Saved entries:
========================

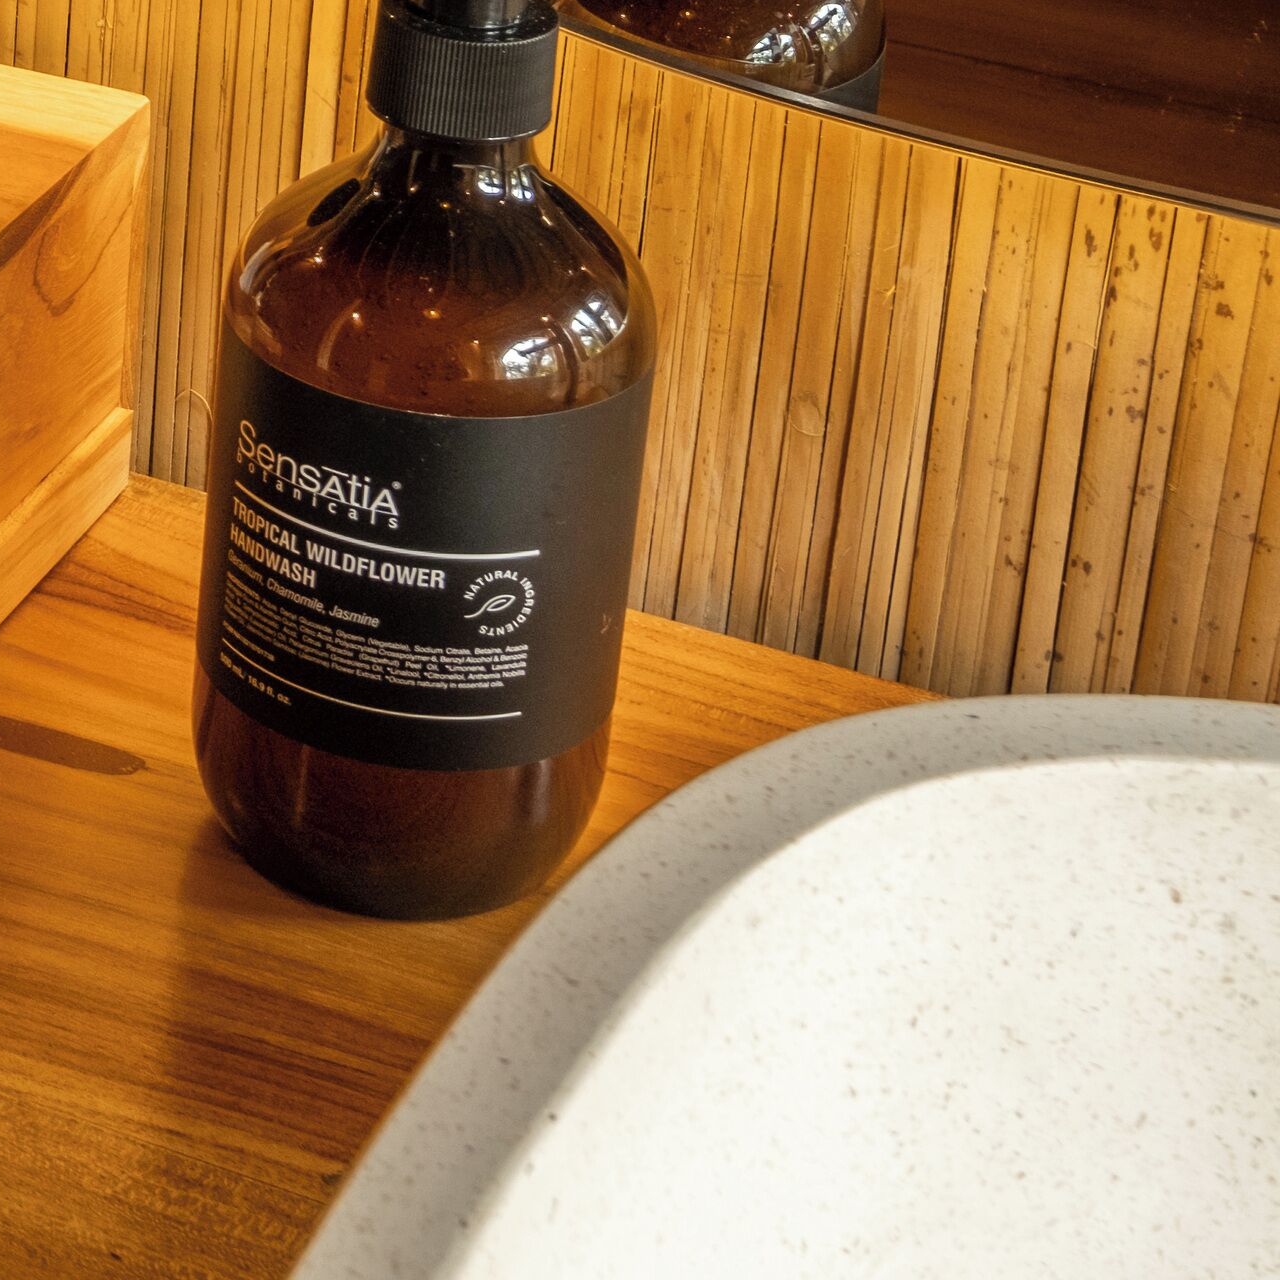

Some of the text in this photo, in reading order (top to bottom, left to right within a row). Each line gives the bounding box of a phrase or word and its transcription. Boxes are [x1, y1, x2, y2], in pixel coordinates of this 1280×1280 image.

[229, 522, 317, 589] HANDWASH
[232, 496, 446, 590] TROPICAL WILDFLOWER
[266, 577, 326, 615] Chamomile,
[329, 604, 380, 628] Jasmine
[463, 569, 536, 636] NATURAL INGREDIENTS
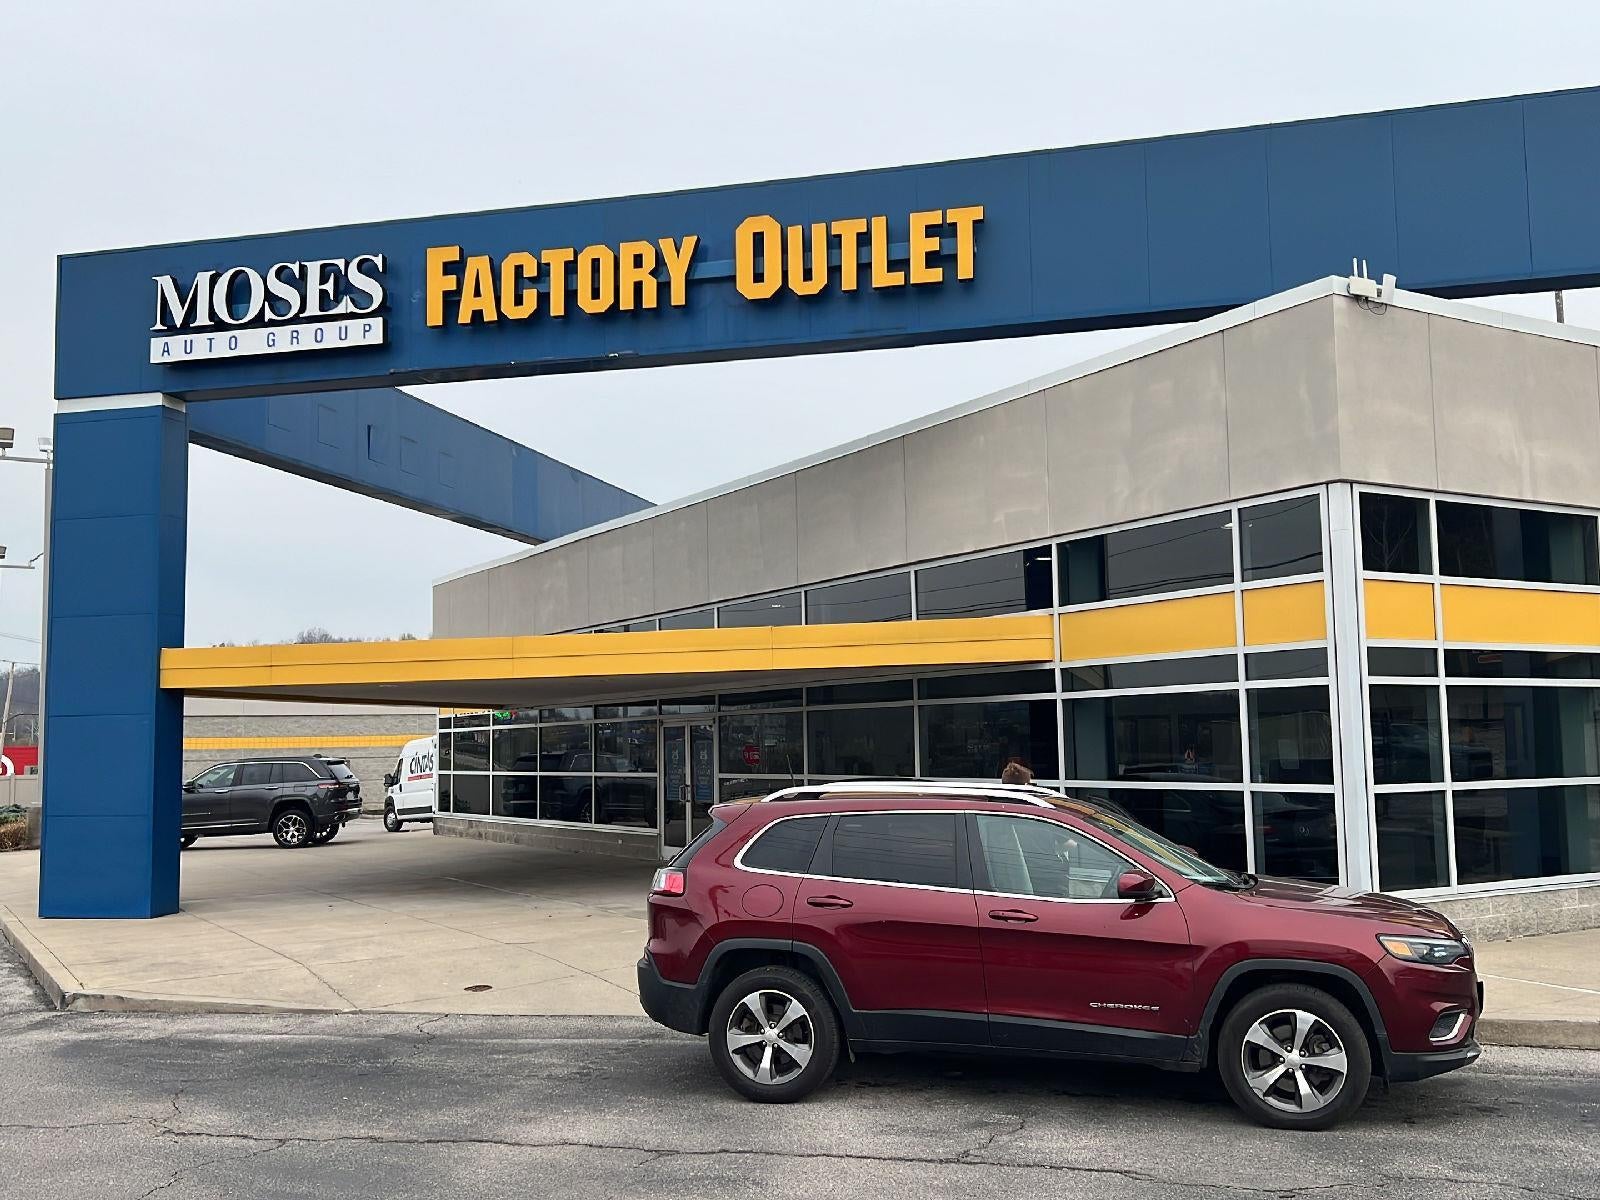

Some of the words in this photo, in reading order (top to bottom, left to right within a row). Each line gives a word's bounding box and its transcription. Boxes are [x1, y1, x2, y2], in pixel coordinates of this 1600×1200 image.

[150, 253, 384, 331] MOSES
[426, 235, 698, 327] FACTORY
[735, 205, 984, 300] OUTLET
[161, 335, 239, 357] AUTO
[266, 323, 373, 348] GROUP
[1089, 1002, 1160, 1011] CHEROKEE
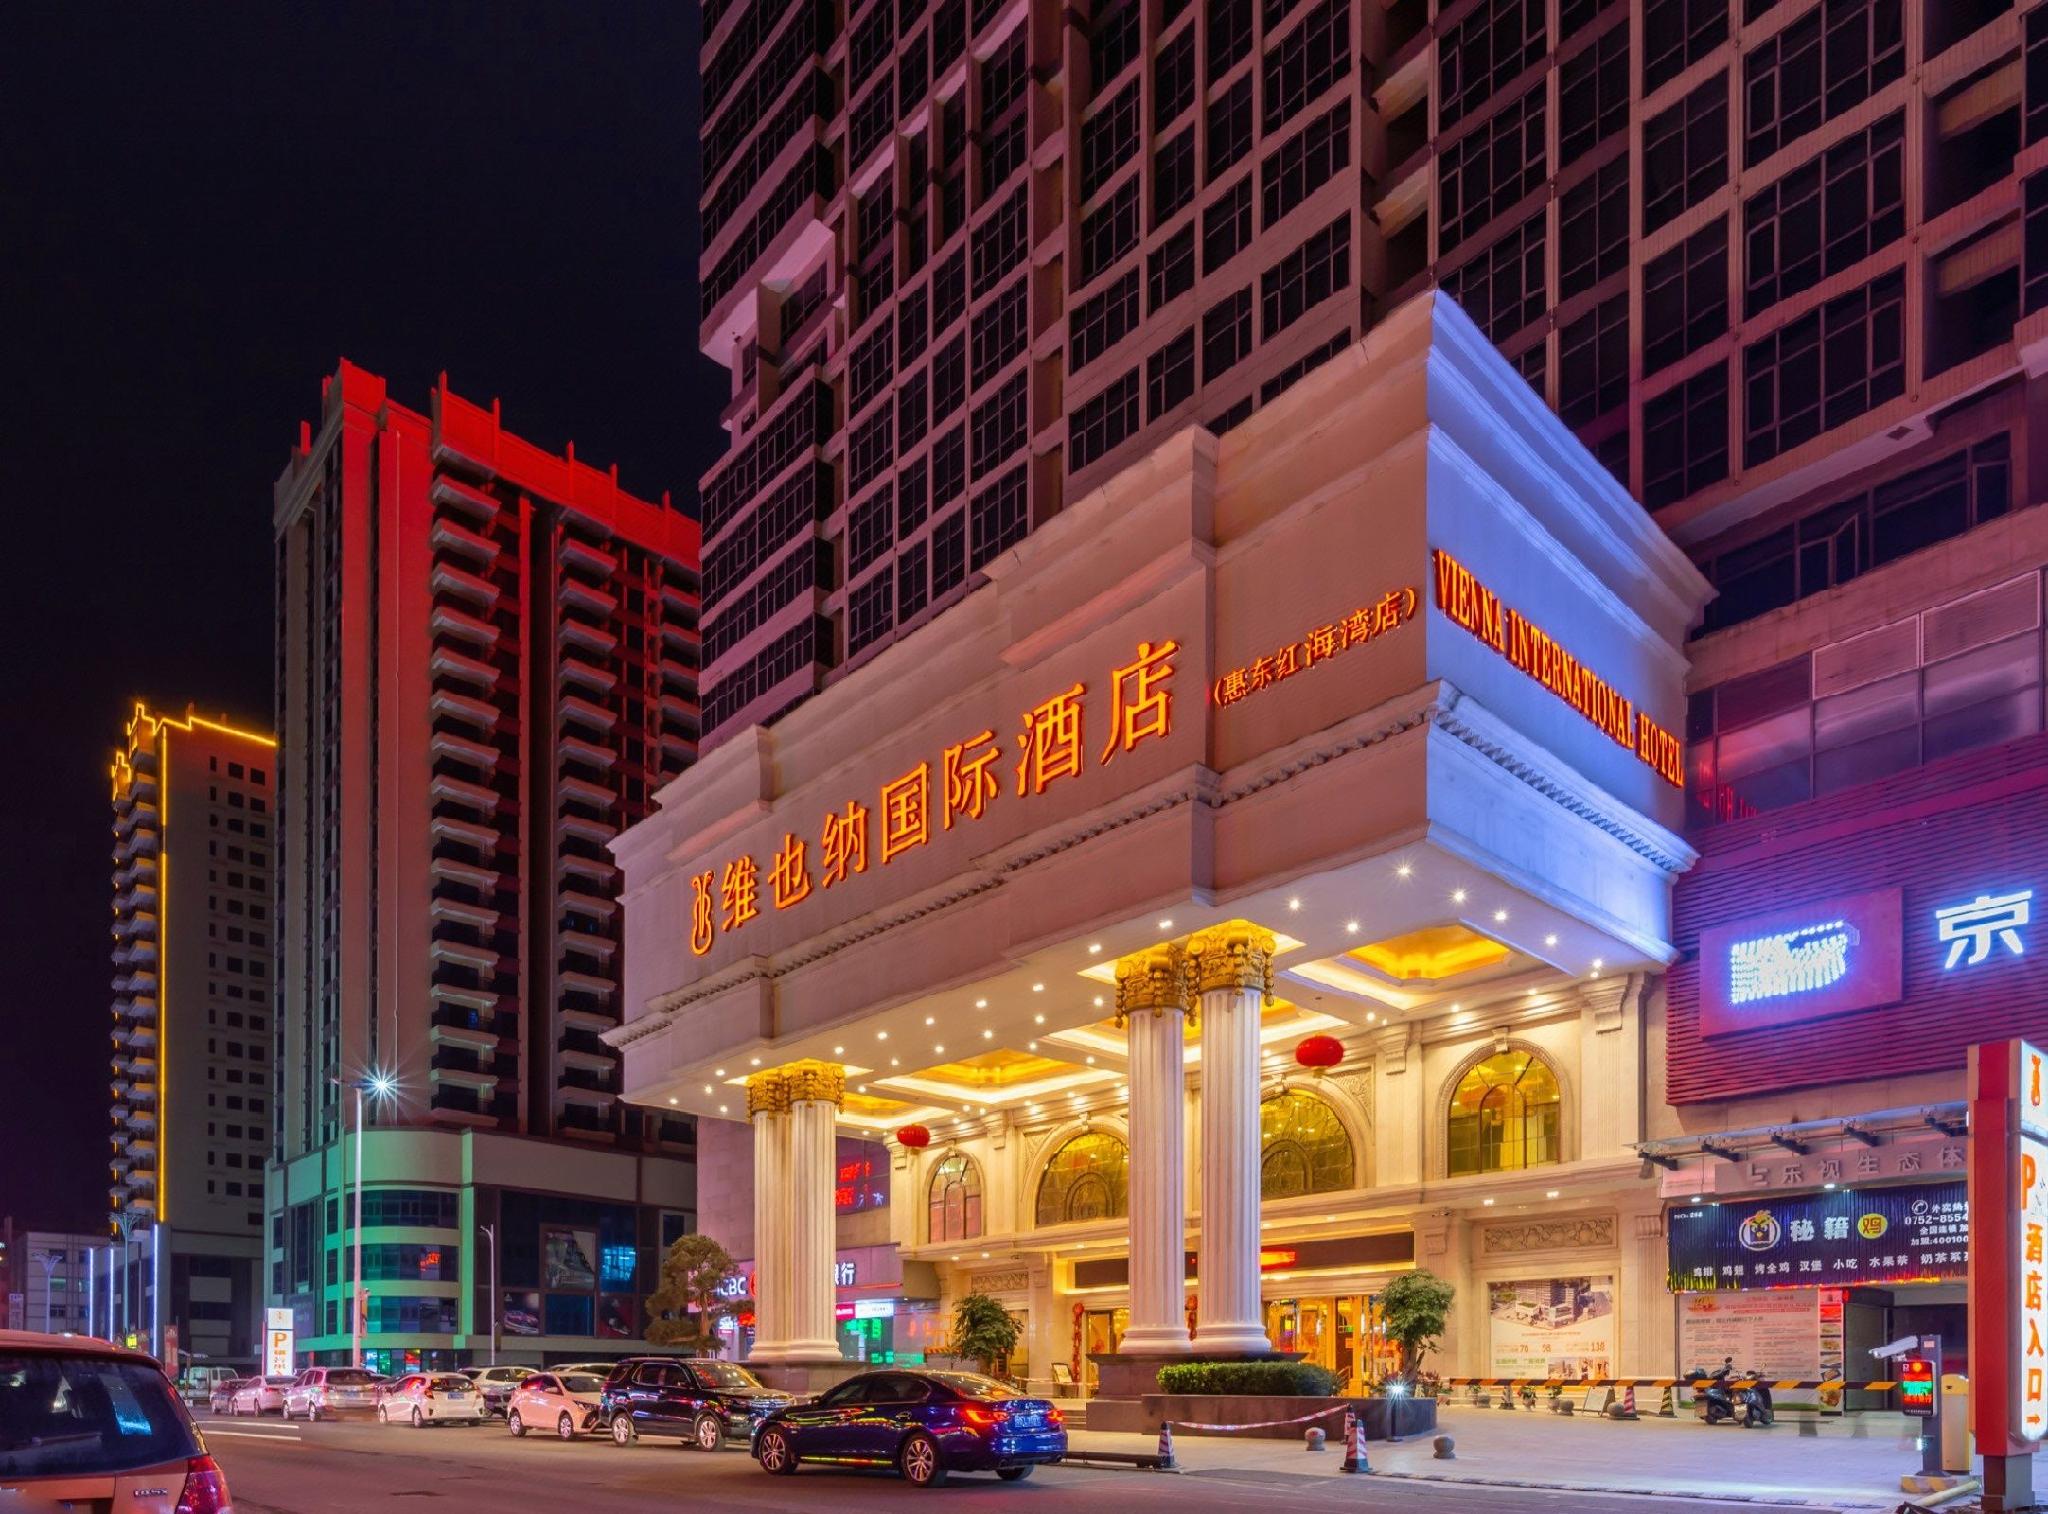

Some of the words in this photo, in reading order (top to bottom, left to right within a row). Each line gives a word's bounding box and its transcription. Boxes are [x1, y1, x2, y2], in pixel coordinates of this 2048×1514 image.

[1214, 587, 1418, 705] (惠东红海湾店)
[1434, 549, 1505, 655] VIENNA
[1506, 608, 1634, 750] INTERNATIONAL
[1635, 712, 1684, 788] HOTEL
[721, 640, 1181, 931] 维也纳国际酒店
[1935, 890, 2032, 969] 京
[2021, 1153, 2036, 1211] P
[1800, 1260, 1822, 1272] 汉堡
[1833, 1258, 1858, 1270] 小吃
[2025, 1222, 2045, 1402] 酒店入口

========================

▸ WHAT TO PRODUCE: Could you write out, unchanged, the line with "this 2048×1514 image." and every line after it in the data above?

▸ PROBLEM SOLUTION:
Some of the words in this photo, in reading order (top to bottom, left to right within a row). Each line gives a word's bounding box and its transcription. Boxes are [x1, y1, x2, y2], in pixel coordinates of this 2048×1514 image.

[1214, 587, 1418, 705] (惠东红海湾店)
[1434, 549, 1505, 655] VIENNA
[1506, 608, 1634, 750] INTERNATIONAL
[1635, 712, 1684, 788] HOTEL
[721, 640, 1181, 931] 维也纳国际酒店
[1935, 890, 2032, 969] 京
[2021, 1153, 2036, 1211] P
[1800, 1260, 1822, 1272] 汉堡
[1833, 1258, 1858, 1270] 小吃
[2025, 1222, 2045, 1402] 酒店入口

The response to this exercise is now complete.